[DATA FOR THIS EXERCISE — start]

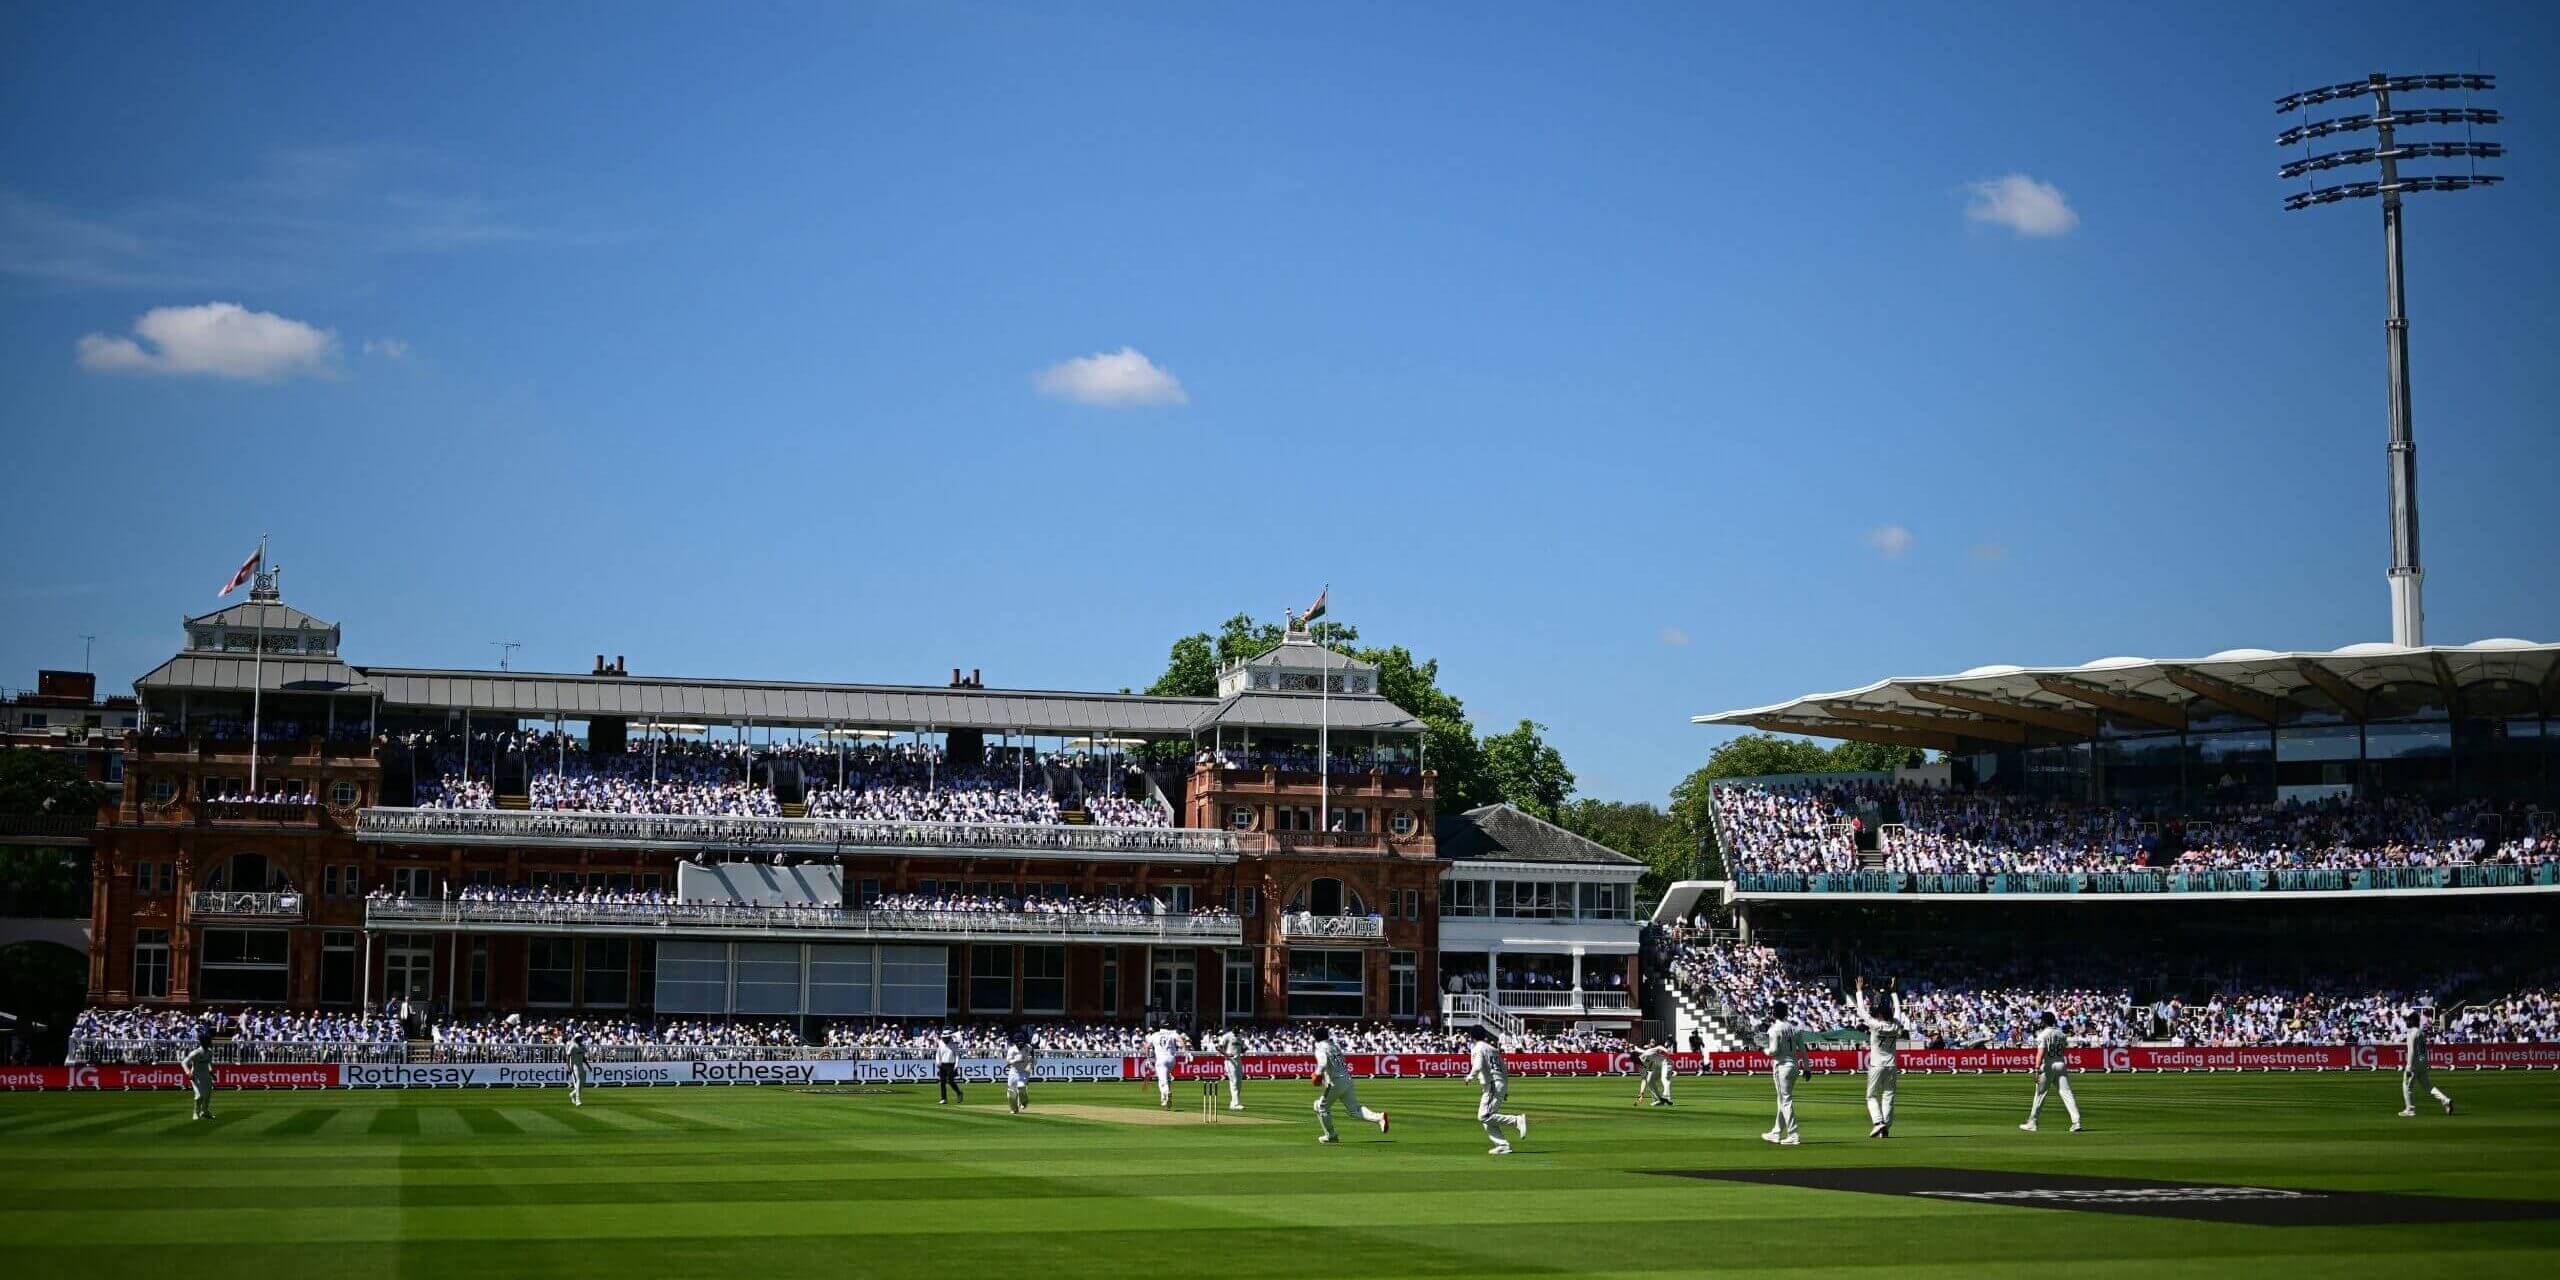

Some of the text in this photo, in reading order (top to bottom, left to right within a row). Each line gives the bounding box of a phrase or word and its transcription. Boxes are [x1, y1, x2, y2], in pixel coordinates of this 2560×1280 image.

[1738, 873, 1801, 892] BREWDOG
[1827, 873, 1890, 892] BREWDOG
[1916, 873, 1980, 892] BREWDOG
[2006, 873, 2070, 892] BREWDOG
[2096, 873, 2160, 892] BREWDOG
[2187, 872, 2251, 892] BREWDOG
[2278, 870, 2343, 890] BREWDOG
[2370, 868, 2434, 889] BREWDOG
[2460, 866, 2525, 887] BREWDOG
[1374, 1055, 1401, 1075] IG
[1416, 1058, 1470, 1074] Trading
[1608, 1053, 1635, 1073] IG
[1718, 1056, 1745, 1069] and
[1900, 1053, 1956, 1069] Trading
[1960, 1054, 1987, 1066] and
[2103, 1048, 2329, 1070] IG Trading and investments
[2351, 1046, 2378, 1068] IG
[2458, 1048, 2487, 1061] and
[2491, 1048, 2560, 1061] investme
[68, 1066, 100, 1087] IG
[119, 1070, 184, 1086] Trading
[225, 1070, 327, 1083] investments
[347, 1065, 475, 1085] Rothesay
[593, 1066, 669, 1081] Pensions
[692, 1062, 814, 1082] Rothesay
[858, 1063, 889, 1078] The
[894, 1063, 928, 1078] UK's
[1061, 1062, 1118, 1076] insurer
[1177, 1061, 1229, 1074] Tradin

[DATA FOR THIS EXERCISE — finish]

__TASK REQUIREMENTS__.
Copy the lines above exactly. Do not include pictures.

__RESULT FOR THIS TASK__.
Some of the text in this photo, in reading order (top to bottom, left to right within a row). Each line gives the bounding box of a phrase or word and its transcription. Boxes are [x1, y1, x2, y2], in pixel coordinates of this 2560×1280 image.

[1738, 873, 1801, 892] BREWDOG
[1827, 873, 1890, 892] BREWDOG
[1916, 873, 1980, 892] BREWDOG
[2006, 873, 2070, 892] BREWDOG
[2096, 873, 2160, 892] BREWDOG
[2187, 872, 2251, 892] BREWDOG
[2278, 870, 2343, 890] BREWDOG
[2370, 868, 2434, 889] BREWDOG
[2460, 866, 2525, 887] BREWDOG
[1374, 1055, 1401, 1075] IG
[1416, 1058, 1470, 1074] Trading
[1608, 1053, 1635, 1073] IG
[1718, 1056, 1745, 1069] and
[1900, 1053, 1956, 1069] Trading
[1960, 1054, 1987, 1066] and
[2103, 1048, 2329, 1070] IG Trading and investments
[2351, 1046, 2378, 1068] IG
[2458, 1048, 2487, 1061] and
[2491, 1048, 2560, 1061] investme
[68, 1066, 100, 1087] IG
[119, 1070, 184, 1086] Trading
[225, 1070, 327, 1083] investments
[347, 1065, 475, 1085] Rothesay
[593, 1066, 669, 1081] Pensions
[692, 1062, 814, 1082] Rothesay
[858, 1063, 889, 1078] The
[894, 1063, 928, 1078] UK's
[1061, 1062, 1118, 1076] insurer
[1177, 1061, 1229, 1074] Tradin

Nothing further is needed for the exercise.